Distributed Stream Processing
https://www.wallaroolabs.com
Apache License 2.0
1.48k stars 68 forks source link

Python: Switch default serialization method to binary cPickle. #2069

Open nemosupremo opened 6 years ago

nemosupremo commented 6 years ago

As far as I understand it, wallaroo uses the default pickle with protocol 0 for serialization by default. This is slowest version of pickle, and its much faster to binary cPickle.

As shown by http://justinfx.com/2012/07/25/python-2-7-3-serializer-speed-comparisons/ seralization can be up to 50x faster.

The serialize and deserialize methods can be written like so:

import cPickle

def serialize(o):
    return cPickle.dumps(o, -1) # -1 defaults to pickle.HIGHEST_PROTOCOL

def deserialize(bs):
    return cPickle.loads(bs)
slfritchie commented 6 years ago

I'll defer to my Wallaroo Labs pythonistas for an opinion. My $0.02 is that I've witnessed how slow the default pickle is, and it is terribly slow. Thank you for the suggestion.

A complication that I can think of right now is that a couple of Wallaroo developers are working on multithreading Python interpreters within a single Machida process. I've been hearing lots of wailing & gnashing of teeth from them. It would be fantastic if cPickle made their work easier; it might not.

aturley commented 6 years ago

I don't have an objection to using cpickle over pickle since for our use case the only difference is the speed.

The multi-threaded Python project isn't going anywhere right now, so there's nothing to worry about on that front.

cararemixed commented 6 years ago

We've had some issues with old-style classes in our decorator code breaking in the new protocol but I think we've replaced that so now it will likely work with the new protocol. cPickle is also a good default as it covers the common cases. Those that need custom pickling callbacks can use pickle explicitly.

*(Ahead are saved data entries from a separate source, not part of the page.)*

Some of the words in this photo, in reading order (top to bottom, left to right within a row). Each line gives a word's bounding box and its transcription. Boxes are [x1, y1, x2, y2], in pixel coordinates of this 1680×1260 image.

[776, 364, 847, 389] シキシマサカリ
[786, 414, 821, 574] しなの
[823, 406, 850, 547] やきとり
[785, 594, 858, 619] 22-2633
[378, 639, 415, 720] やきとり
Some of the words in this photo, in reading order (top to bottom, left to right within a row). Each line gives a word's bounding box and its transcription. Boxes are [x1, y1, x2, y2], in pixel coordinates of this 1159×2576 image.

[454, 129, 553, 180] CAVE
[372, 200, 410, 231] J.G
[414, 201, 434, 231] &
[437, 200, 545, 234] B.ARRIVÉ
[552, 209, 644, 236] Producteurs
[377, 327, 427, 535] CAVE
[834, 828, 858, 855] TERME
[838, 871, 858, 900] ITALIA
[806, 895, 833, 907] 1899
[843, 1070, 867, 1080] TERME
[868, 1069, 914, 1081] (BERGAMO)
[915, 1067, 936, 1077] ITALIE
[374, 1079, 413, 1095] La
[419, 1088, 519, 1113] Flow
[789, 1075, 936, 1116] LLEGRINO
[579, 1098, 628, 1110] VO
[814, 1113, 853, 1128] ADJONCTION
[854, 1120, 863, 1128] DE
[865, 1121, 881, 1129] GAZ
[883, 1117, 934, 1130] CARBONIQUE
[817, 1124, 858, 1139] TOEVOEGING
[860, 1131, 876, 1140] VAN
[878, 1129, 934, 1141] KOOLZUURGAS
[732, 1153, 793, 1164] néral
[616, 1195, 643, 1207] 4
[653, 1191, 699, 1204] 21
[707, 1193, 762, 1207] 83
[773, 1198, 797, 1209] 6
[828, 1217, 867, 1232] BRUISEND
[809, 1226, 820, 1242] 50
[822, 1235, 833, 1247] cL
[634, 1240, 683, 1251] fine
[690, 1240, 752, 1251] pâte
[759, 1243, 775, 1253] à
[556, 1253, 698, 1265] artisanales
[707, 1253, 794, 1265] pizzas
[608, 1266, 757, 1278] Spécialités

cararemixed commented 6 years ago

Oh, also a note, I prefer the newer protocols in that they allow slotted class definitions which can make state instances more efficient in memory.

aturley commented 6 years ago

In Python3 we need to use pickle, which is actually cpickle under the hood.

Everyone seems in favor of this change. We should try changing to using cpickle and see if anything breaks. If it works we should use it.

aturley commented 6 years ago

We need to make sure this is appropriately documented when we make the change.